# CS206 Assignment #3

### Due Tuesday, April 30, 2002, in class

Note: The honor-code rules are the same as for the previous assignments. Also, please show work for partial credit.

1. (35 pts.) Imagine a matrix with 1,000,000 columns. Each column has exactly three 1's. There are 1000 pairs of columns that are actually 50% similar (i.e., they share two rows), 1,000,000 pairs that are 20% similar (i.e., they share one row), and the rest of the pairs have no row in common. Suppose we compute min-hash signatures consisting of 8 independent hashings, and then use locality-sensitive hashing to determine candidate pairs to be checked for similarity.

a)
One LSH scheme uses four bands of two rows each to find candidate pairs of signatures. Give the probability that a pair will be a candidate if it is 50%, 20%, or 0% similar. How many candidate pairs of each similarity do we expect to find?

b)
Repeat (a) if the LSH scheme is two bands of four rows each.

c)
If our goal is to find all and only the 50%-similar pairs, which LSH scheme would you prefer?

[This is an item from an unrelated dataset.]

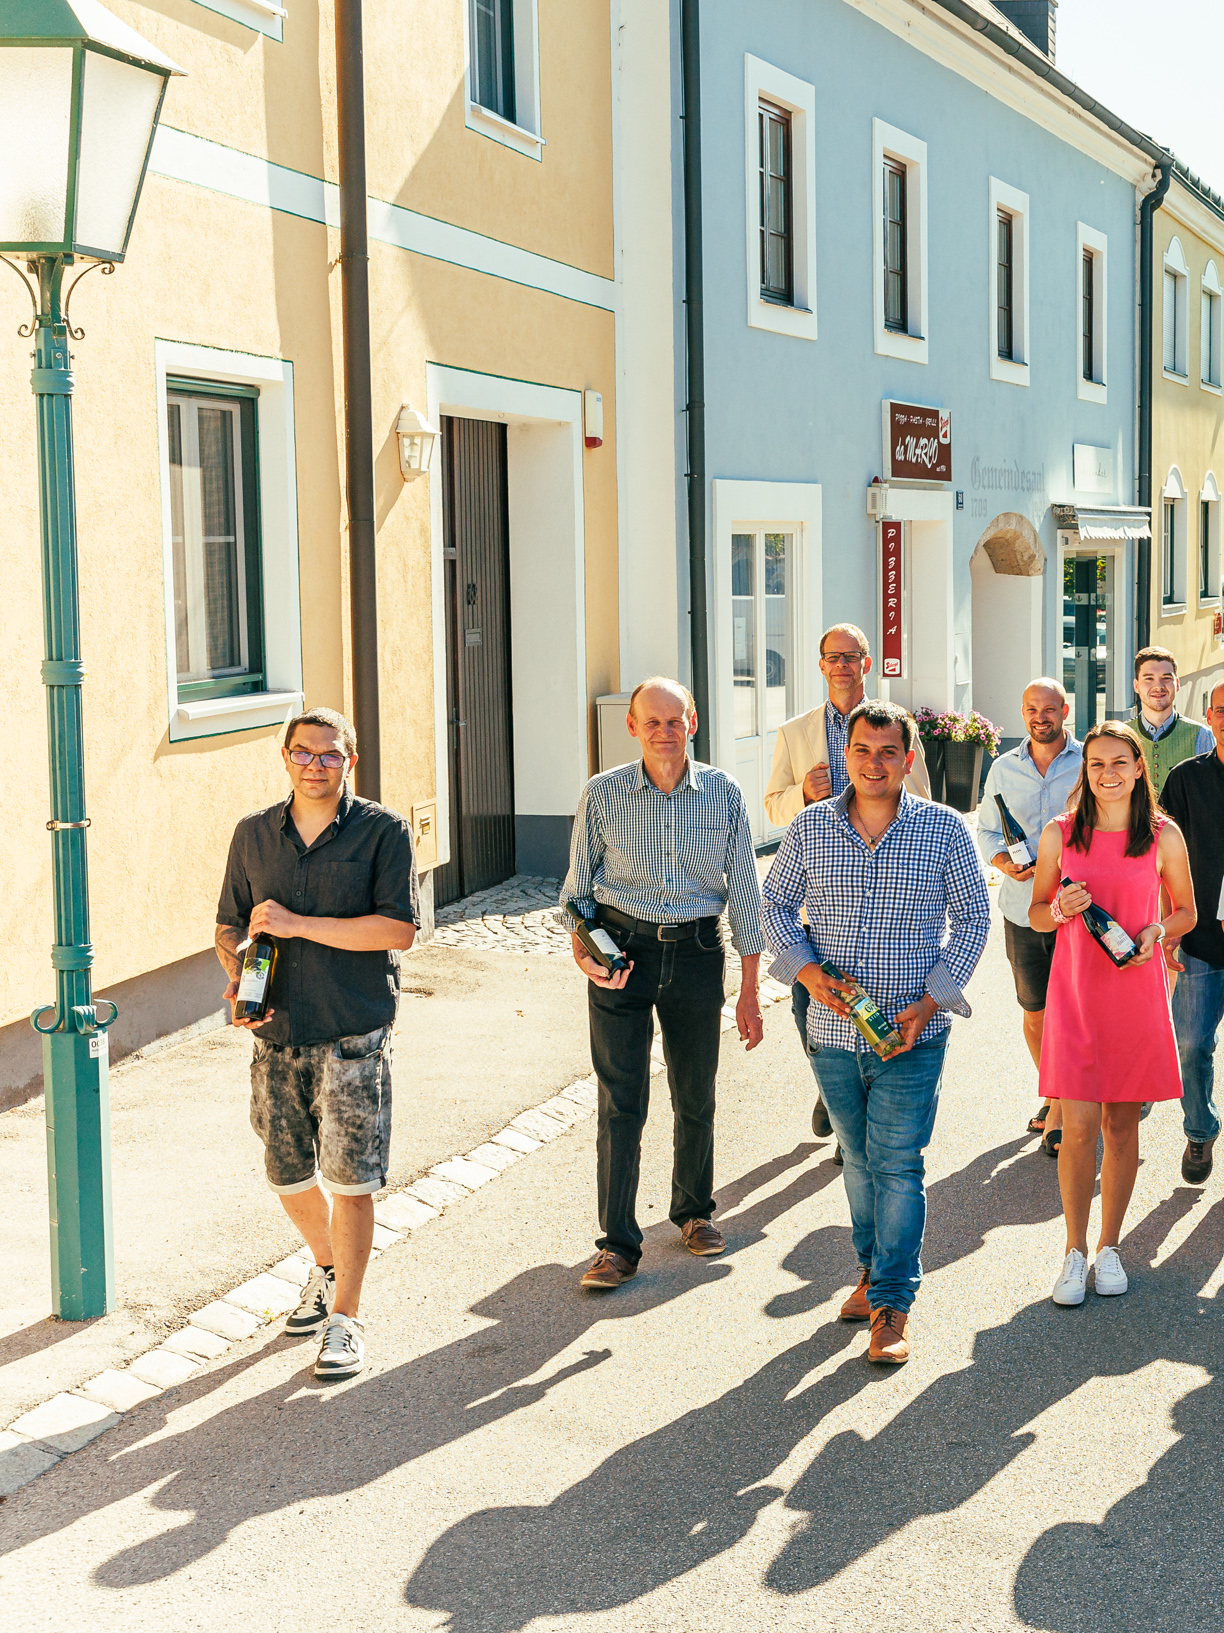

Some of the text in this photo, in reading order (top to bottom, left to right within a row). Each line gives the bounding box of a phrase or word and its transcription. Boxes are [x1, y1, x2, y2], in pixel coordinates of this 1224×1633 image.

[895, 434, 938, 469] da MARCO
[970, 455, 1046, 493] Gemeindesaal
[887, 529, 898, 635] PIZZERIA

2. (25 pts.) Suppose our points lie in a line (i.e., a 1-dimensional space), at the prime points 2, 3, 5, 7, 11, 13, 17, 19, 23, 29. Distance is the usual Euclidean distance, i.e., the magnitude of the difference between two numbers. Suppose we cluster points hierarchically, using the centroid (i.e., the average) to represent the location of a cluster. Find the clusters when only three clusters remain. Note: break ties for shortest distance in favor of the pair of clusters to the left (i.e., low end of the line), and it is OK if centroids are not at integer points.

3. (40 pts.) Here are five vectors representing purchases of books by 10 customers: A = 0101010101, B = 0011001100, C = 1110010001, D = 1001001001, and E = 0001111100.

a)
Give the table of cosine distances between the vectors. Note: It is sufficient to represent angles by their cosines. The cosines themselves don't obey the triangle inequality, like the angles themselves do. However, we only need to compare angles, and between 0 and 90 degrees, larger angles have larger cosines, so we can do the comparisons without ever knowing the angles themselves. Thus, you may compute the cosines of angles rather than the angles.

b)
Which three vectors form a cluster with the best "cohesion," which we define here to be the maximum distance of a node to the clustroid of the cluster? Recall that the clustroid is the node with the minimum maximum distance to the other nodes.

c)
Repeat (a) for the Jaccard distance (i.e., 1 minus the Jaccard measure). You need not repeat (b).